Hundreds of chemicals have been approved each year. In one instance, the agency approved — without restrictions and while hiding all studies — a new PFAS chemical.
Once a chemical is approved, it becomes nearly impossible to pull it off the market, and remove it from the environment and, sometimes, our bodies, as the ongoing PFAS contamination crisis shows. The unlawful secrecy prevents the public from weighing in, making it much more likely that dangerous chemicals are reaching the market.
- Does not alert the public when a new chemical is under review and may soon be approved to go on the market, as required by law.
- Allows companies to conceal crucial information about chemicals under review, especially health and safety information.
- Does not audit companies’ “confidential business information” claims to determine whether they are warranted, encouraging companies’ unlawful attempts to hide information that should be public.
The lawsuit challenges the EPA for violating the Toxic Substances Control Act and ignoring transparency rules. The Toxic Substances Control Act grants the public a right to know and provide input about new chemicals the EPA is reviewing.
Attorneys in Earthjustice’s Toxic Exposure and Health Program are representing the Environmental Health Strategy Center, Center for Environmental Health, Natural Resources Defense Council, Environmental Defense Fund, and the Sierra Club.
Earthjustice’s 14 offices close, and hundreds of staff shift to remote work to help limit the spread of the novel coronavirus.
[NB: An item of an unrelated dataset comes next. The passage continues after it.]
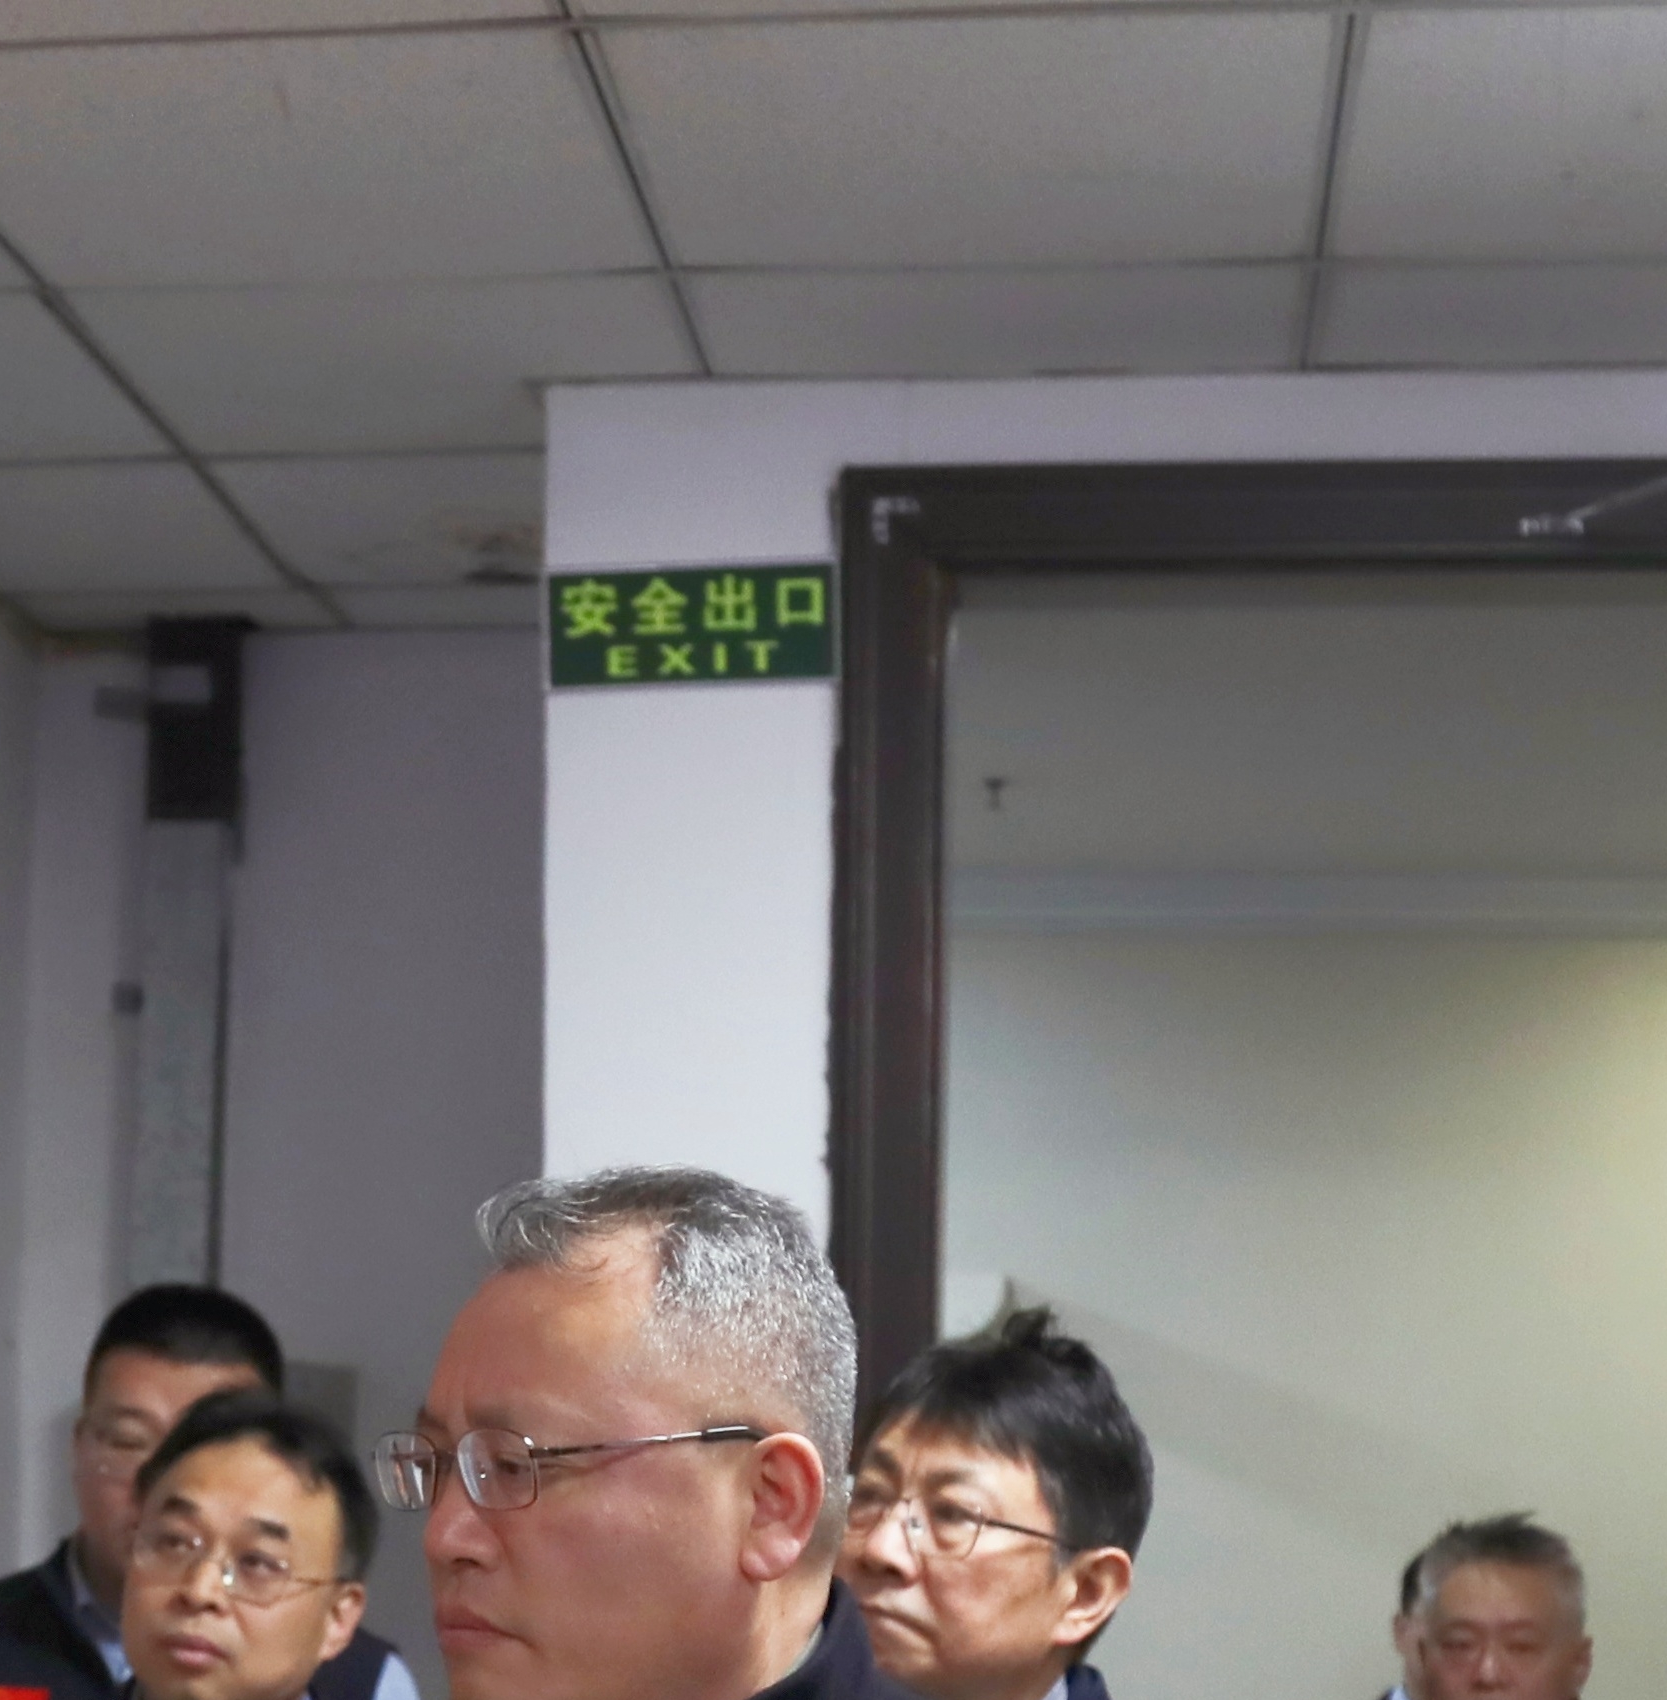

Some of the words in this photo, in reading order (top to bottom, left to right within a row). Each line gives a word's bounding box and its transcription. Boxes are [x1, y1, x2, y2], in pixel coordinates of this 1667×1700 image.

[561, 574, 824, 639] 安全出口
[606, 640, 779, 678] EXIT
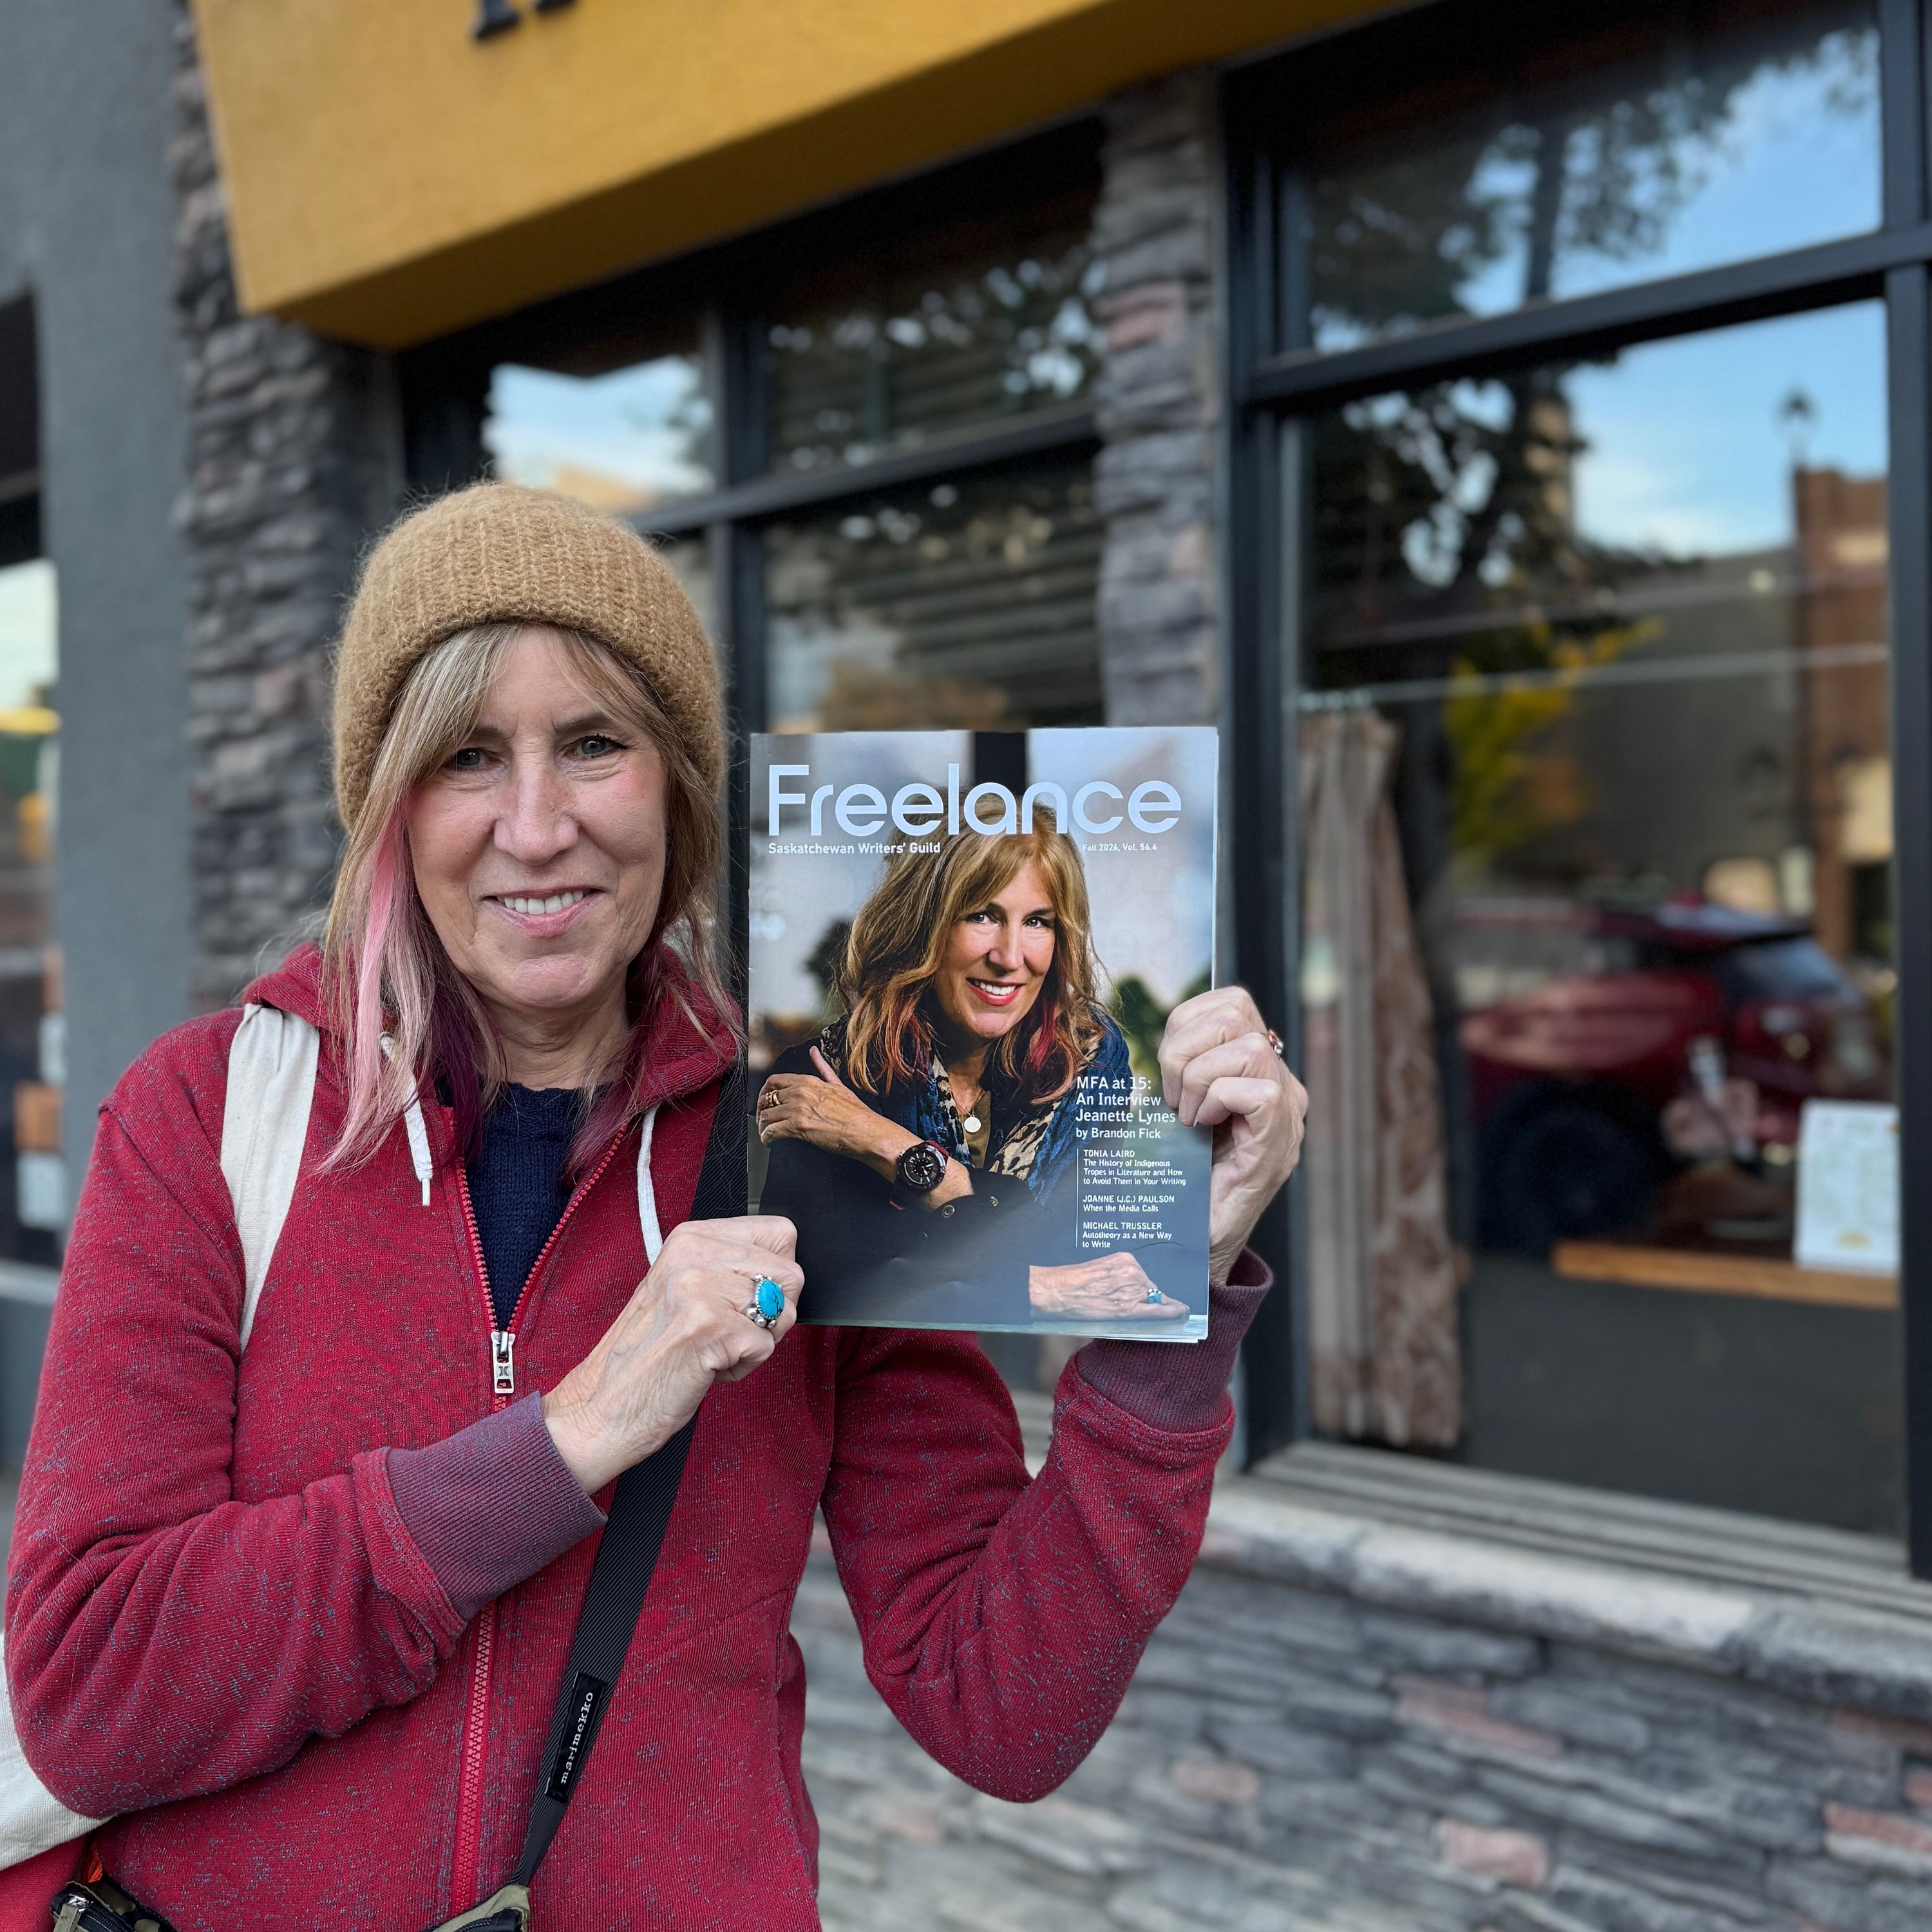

The decision, made in accordance with recommendations from local and national public health authorities, seeks to keep our staff, families, and neighbors safe, and to honor our social responsibility.
From a message by Earthjustice President Abigail Dillen: “On behalf of our entire staff, I want to underscore how deeply we appreciate all of you and extend our heartfelt well-wishes. While it is impossible to forecast the future, we can anticipate that attacks on the environment, our bedrock laws, science-based governance — and the rule of law itself — will continue.”